MIT researchers use artificial intelligence to make it easier for scientists to keep track of their work
MIT researchers have used artificial intelligence techniques to make the process of tracking research more efficient and less error-prone.
The researchers say their new system, called a probabilistic analytics system, is more accurate and more efficient than current methods, including those used by academic journals.
The technology uses statistical algorithms to track the performance of a small set of researchers on their own and those of their collaborators and peers.
It can be used to help identify errors, identify problems with research and recommend action.
It has the potential to make research more transparent, easier to manage and more cost-effective.
“We are using machine learning to automate the task of tracking what people do,” said Professor James Pomerantz, a professor of computer science at MIT.
“The system learns what a researcher is doing and how they are doing it and uses that information to give a more complete picture of what they are looking at.”
For instance, a machine learning algorithm might look at a paper that is published by a research group and suggest a different approach.

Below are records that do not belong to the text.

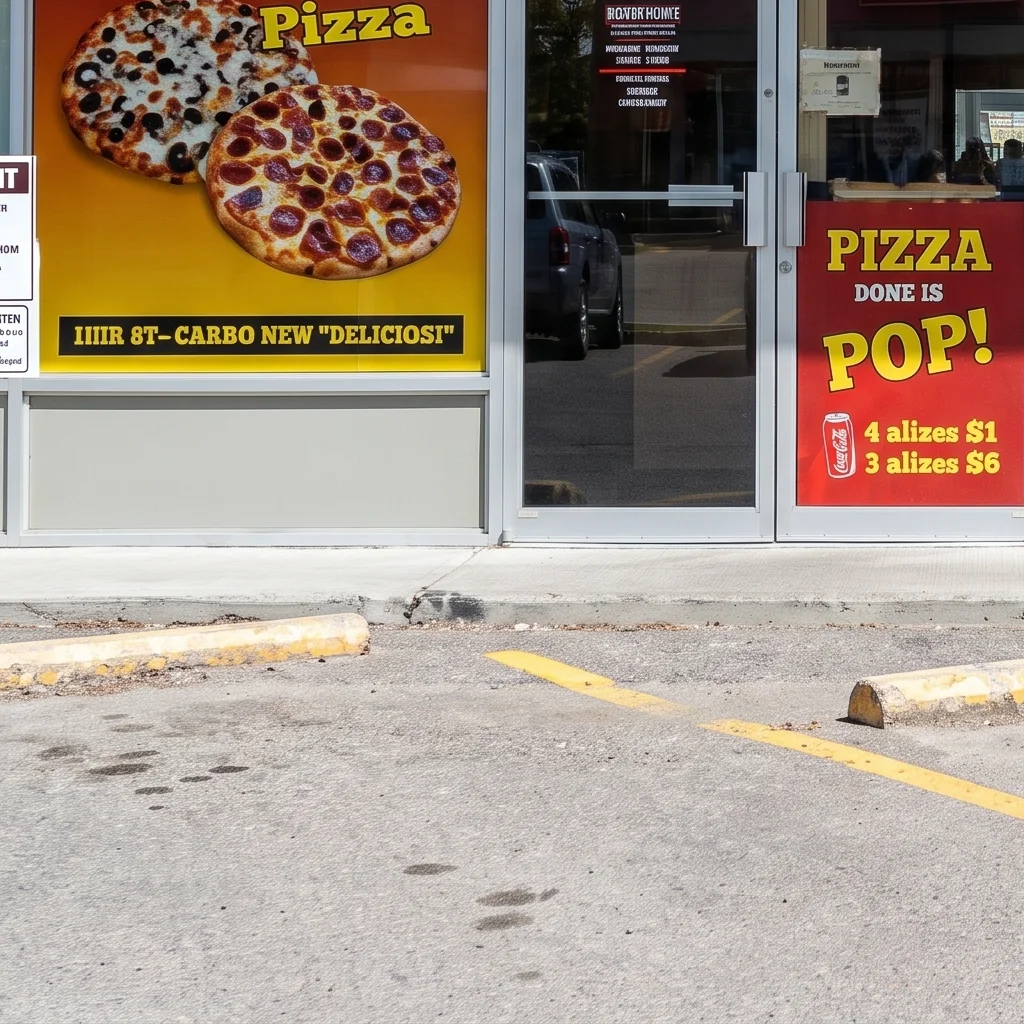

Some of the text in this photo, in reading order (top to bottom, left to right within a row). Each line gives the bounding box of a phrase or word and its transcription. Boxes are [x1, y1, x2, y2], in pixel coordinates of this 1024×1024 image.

[260, 1, 430, 49] Pizza
[828, 229, 992, 271] PIZZA
[855, 283, 944, 303] DONE IS
[261, 326, 313, 345] NEW
[824, 307, 993, 392] POP!
[863, 418, 998, 444] 4 alizes $1
[864, 451, 880, 475] 3
[886, 450, 960, 475] alizes
[965, 449, 1001, 476] $6

If that is done by a collaborator, the system can then make a recommendation to the journal, which will publish that paper in the journal.
The system can also be used by an academic or a professional who wants to keep a track of how their research is being done.

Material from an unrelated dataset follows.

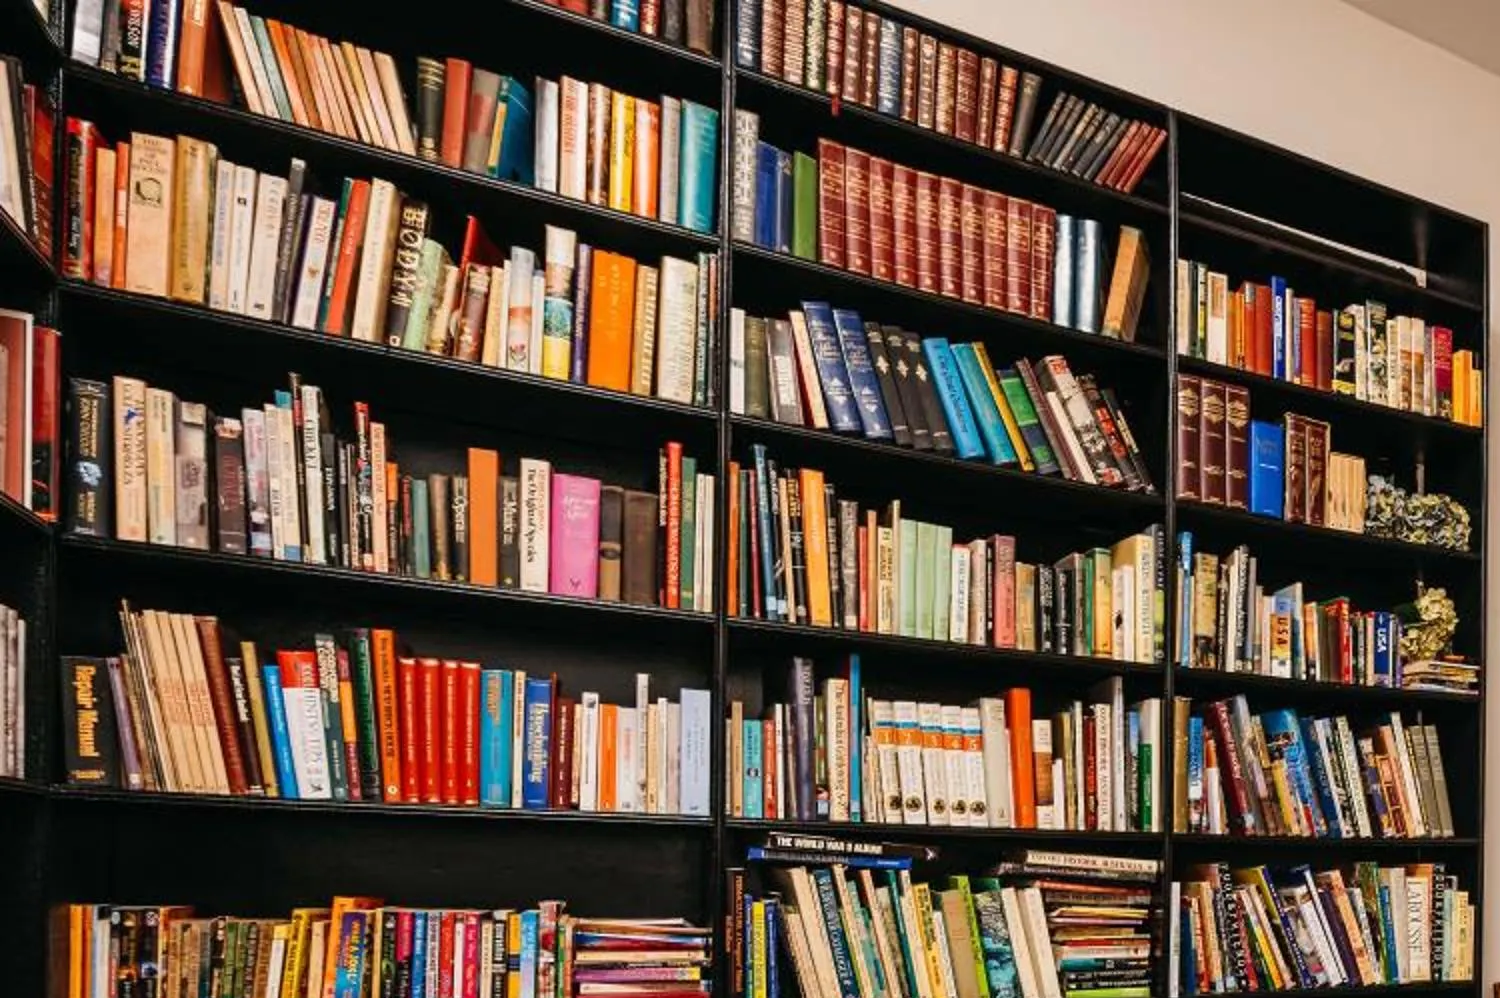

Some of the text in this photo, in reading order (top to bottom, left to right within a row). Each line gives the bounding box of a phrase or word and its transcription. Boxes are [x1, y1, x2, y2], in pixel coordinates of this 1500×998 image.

This could be a colleague, a student or even a researcher themselves.
“It’s very difficult to track down what a research team is doing, especially as they have different teams,” said co-author Dr. Daniel Bielen, a postdoctoral fellow at MIT and an assistant professor in MIT’s Department of Computer Science and Artificial Intelligence.
“We have to know where their work is going and what the challenges are, so that we can be able to give advice and make decisions to the team.”
To be sure, the probabilistics system doesn’t provide all the answers.
For instance, it doesn’t predict whether an author is likely to publish their results in a prestigious journal.
But the researchers say it is an effective way to track research progress and to ensure that researchers are doing their work correctly.
“This system can be applied to anything,” said Bielens.
“You can use it to check a report, or if a researcher gets sick and needs to take a leave, you can use the system to check whether the person who’s sick is actually in the lab or in a clinical setting.
It’s a very flexible way to use machine learning.”
The MIT researchers said they expect the system will become even more accurate as it matures and they add more features to it.